Di cosa parlo
Vivono con 63 milioni di api e aiutano la natura a fare del suo meglio, scopri come!
R’era ‘d Minot: frutta e non solo
Bentornati su La dispensa delle eccellenze. Oggi siamo nel Roero, il territorio piemontese che, insieme a Langhe e Monferrato, è considerato patrimonio mondiale dell’UNESCO.
Sono andata a trovare Domenico Bordone che, con i suoi figli Enrico e Stefano, gestisce l’attività agricola R’era ‘d Minot, ereditata dal padre, fondatore dell’azienda insieme al fratello.
La storia della famiglia Bordone parla di una vocazione agricola famigliare, dal sapore di miele e frutta fresca, che si tramanda da generazioni fino ad oggi.

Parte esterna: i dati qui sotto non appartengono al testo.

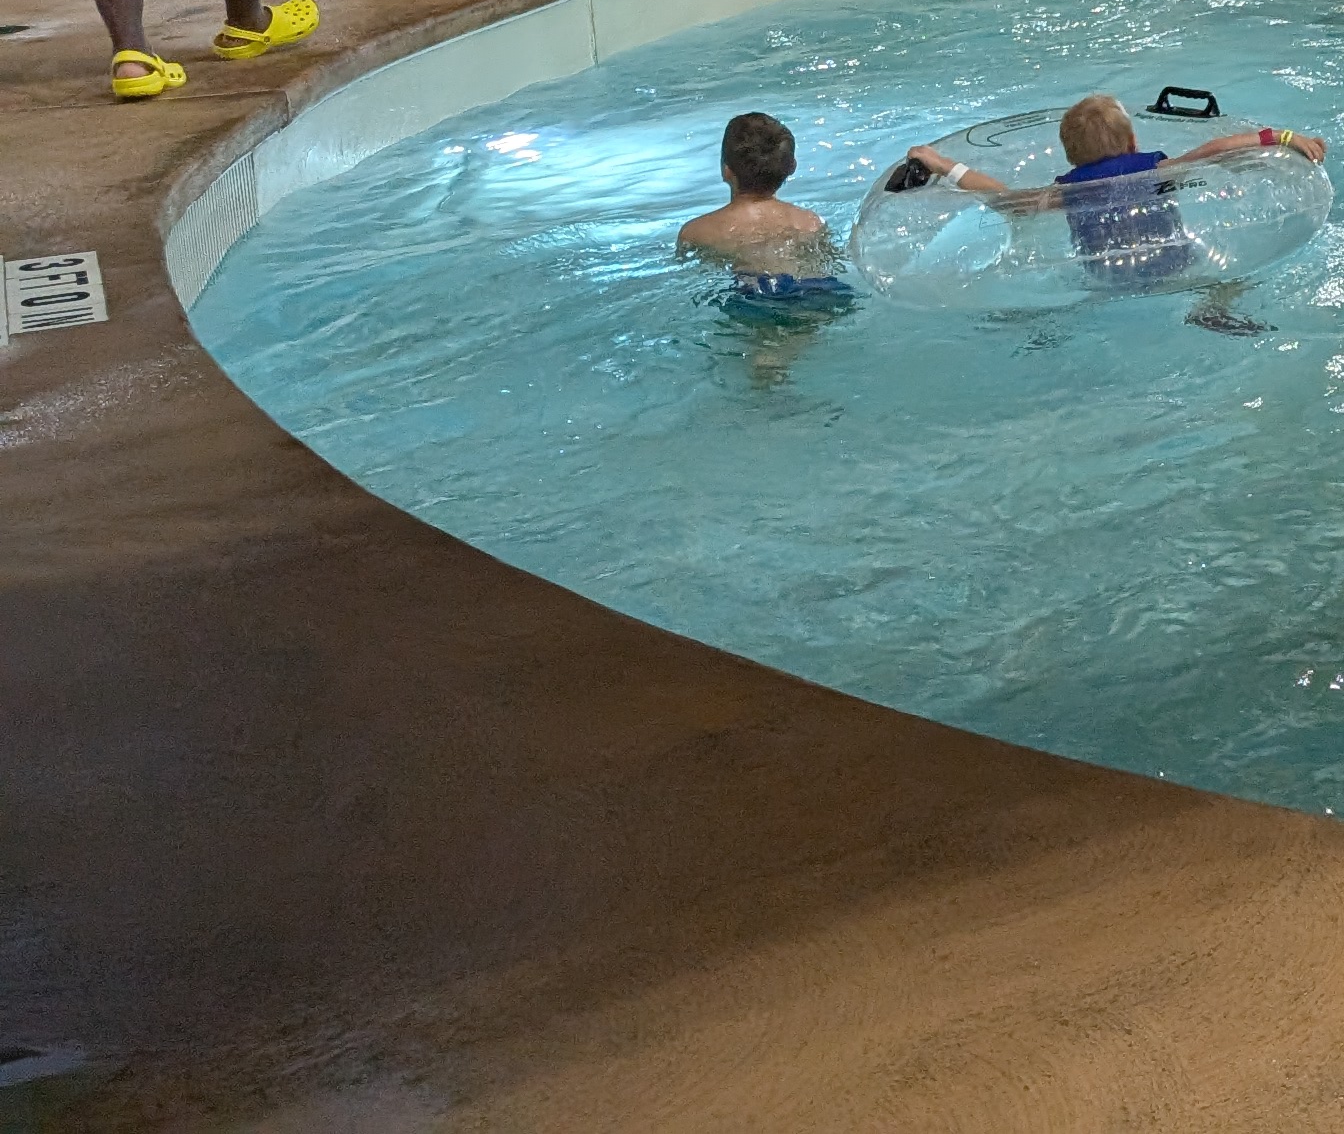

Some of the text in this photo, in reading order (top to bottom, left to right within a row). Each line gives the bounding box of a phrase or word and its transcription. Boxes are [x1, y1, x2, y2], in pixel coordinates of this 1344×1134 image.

Il nome R’era ‘d Minot è il dialetto piemontese per dire “L’aia di Domenico”.
Il Domenico in questione era un prozio dell’attuale Domenico, e nel lontano ‘900 possedeva un’aia (nome usato per identificare un cortile aperto che introduce un casale).
Questo spazio veniva adibito a mercato della frutta (soprattutto delle ciliegie) e della verdura. I contadini trasportavano il loro raccolto presso l’aia di Domenico per venderlo a commercianti e privati.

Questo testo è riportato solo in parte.